Circadian disruption-induced microRNAome deregulation in rat mammary gland tissues
David Z. Kochan1, Yaroslav Ilnytskyy1, Andrey Golubov1, Scott H. Deibel2, Robert J. McDonald2 and Olga Kovalchuk1
1 Department of Biological Sciences, University of Lethbridge, Lethbridge, AB, Canada
2 Canadian Centre for Behavioural Neuroscience, Department of Neuroscience, University of Lethbridge, Lethbridge, AB, Canada
Olga Kovalchuk, email:
Keywords: breast cancer, circadian disruption (CD), microRNA (miRNA), epigenetics
Received: March 11, 2015 Accepted: April 08, 2015 Published: April 26, 2015
Breast cancer is the most common malignancy affecting women worldwide, and evidence is mounting that circadian-disruption-induced breast cancer is a warranted concern.

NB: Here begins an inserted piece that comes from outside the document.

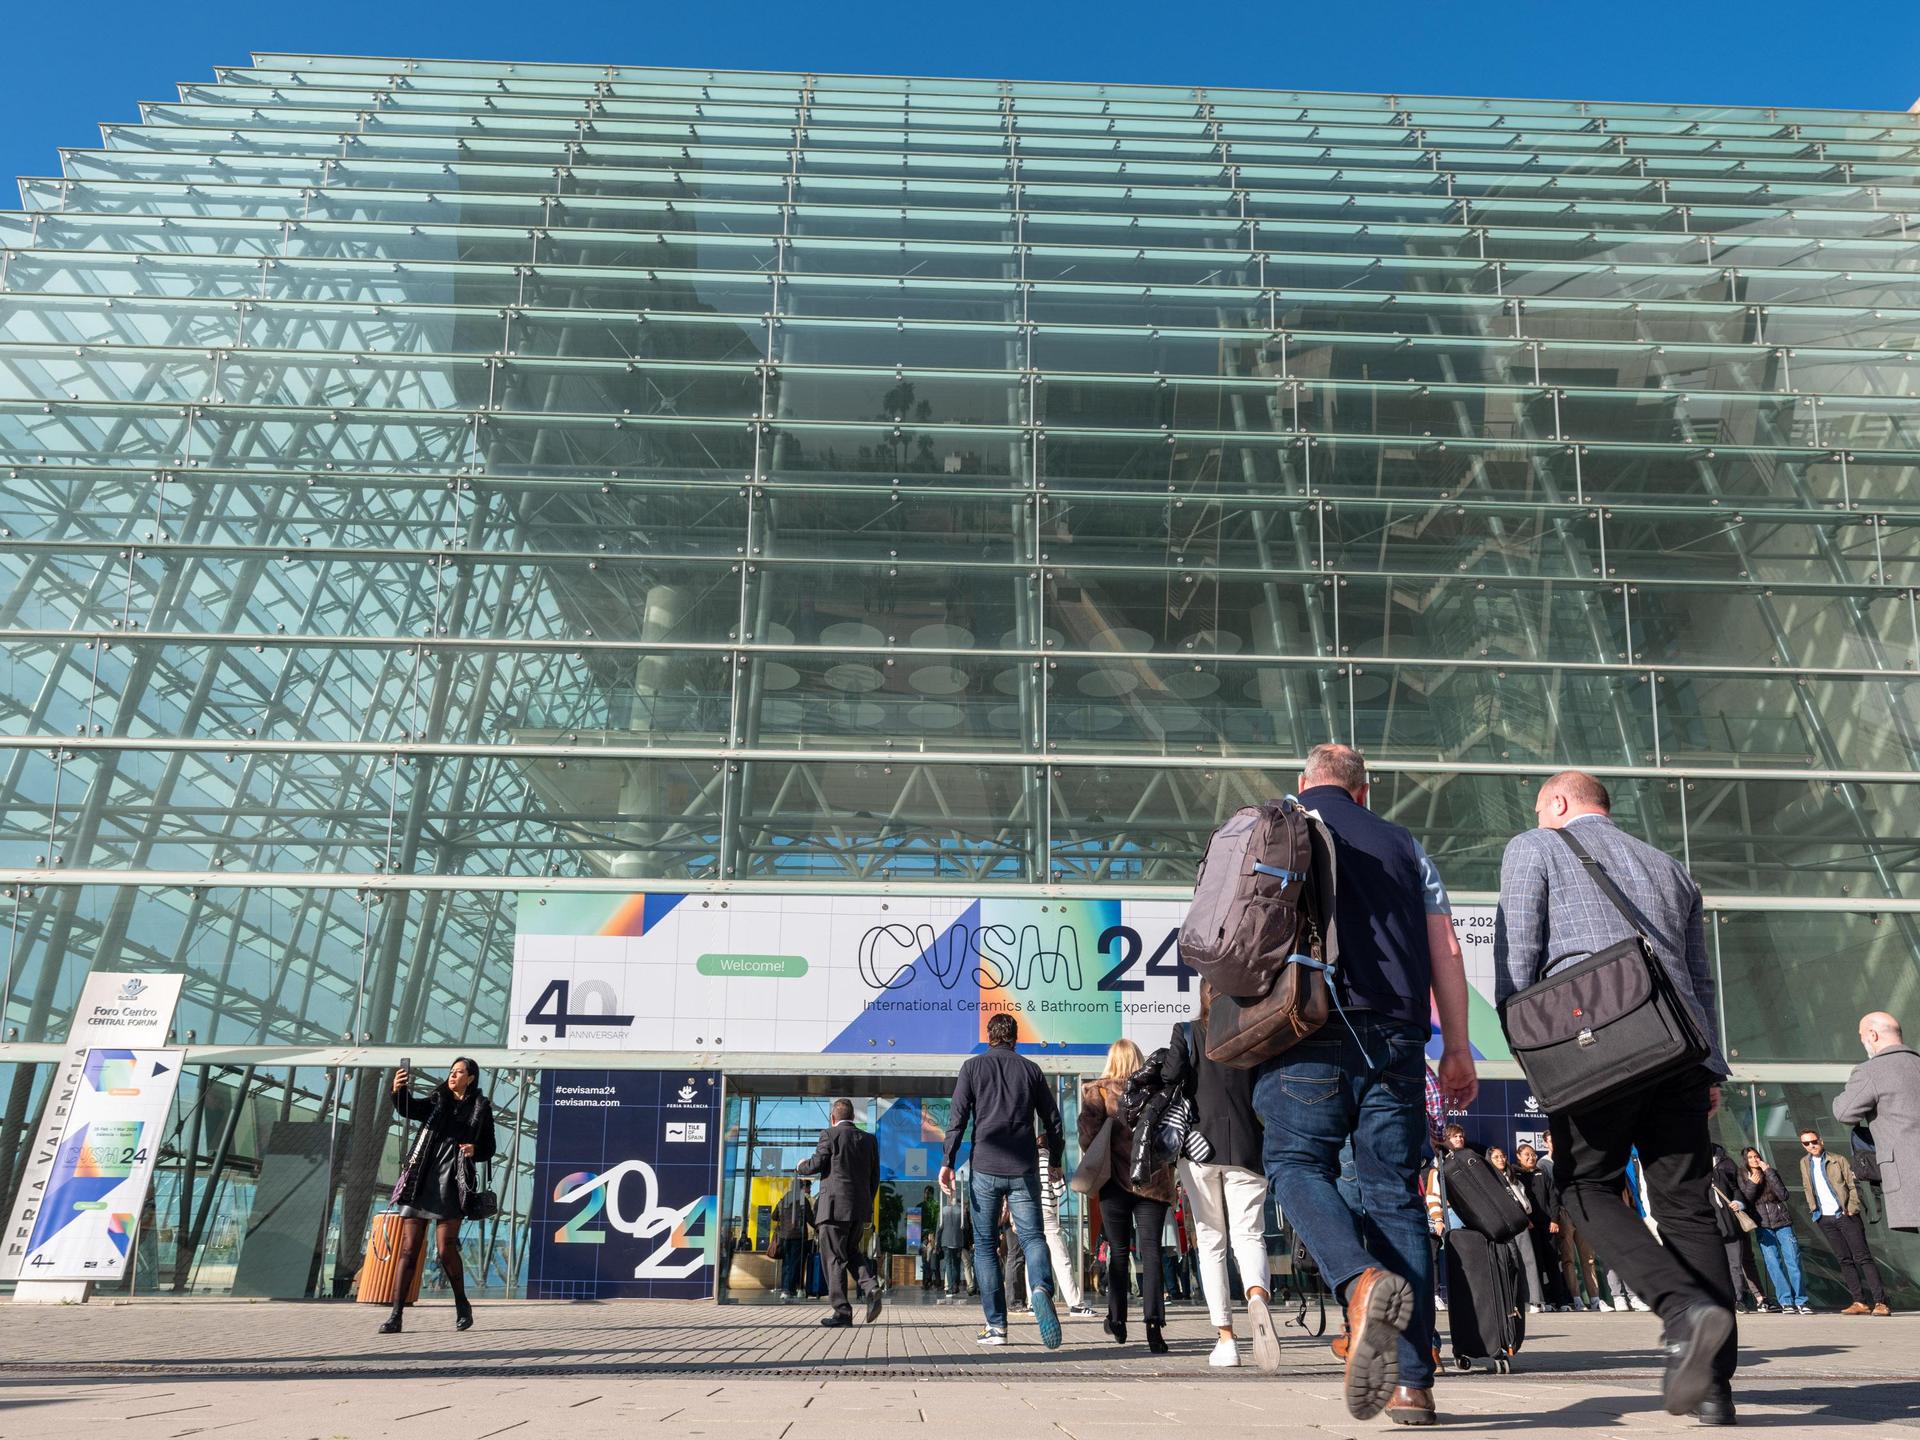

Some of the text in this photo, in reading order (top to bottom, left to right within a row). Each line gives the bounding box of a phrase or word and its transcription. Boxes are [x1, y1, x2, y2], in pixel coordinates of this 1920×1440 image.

Although studies on the role of epigenetics have provided valuable insights, and although epigenetics has been increasingly recognized in the etiology of breast cancer, relatively few studies have investigated the epigenetic link between circadian disruption (CD) and breast cancer. Using a proven photoperiod-shifting paradigm, differing degrees of CD, various tissue-extraction time points, and Illumina sequencing, we investigated the effect of CD on miRNA expression in the mammary tissues of a rodent model system. To our knowledge, our results are the first to illustrate CD-induced changes in miRNA expressions in mammary tissues. Furthermore, it is likely that these miRNA expression changes exhibit varying time frames of plasticity linked to both the degree of CD and length of reentrainment, and that the expression changes are influenced by the light and dark phases of the 24-hour circadian cycle. Of the differentially expressed miRNAs identified in the present study, all but one have been linked to breast cancer, and many have predicted circadian-relevant targets that play a role in breast cancer development. Based on the analysis of protein levels in the same tissues, we also propose that the initiation and development of CD-induced breast cancer may be linked to an interconnected web of increased NF-κB activity and increased levels of Tudor-SN, STAT3, and BCL6, with aberrant CD-induced downregulation of miR-127 and miR-146b potentially contributing to this dynamic. This study provides direct evidence that CD induces changes in miRNA levels in mammary tissues with potentially malignant consequences, thus indicating that the role of miRNAs in CD-induced breast cancer should not be dismissed.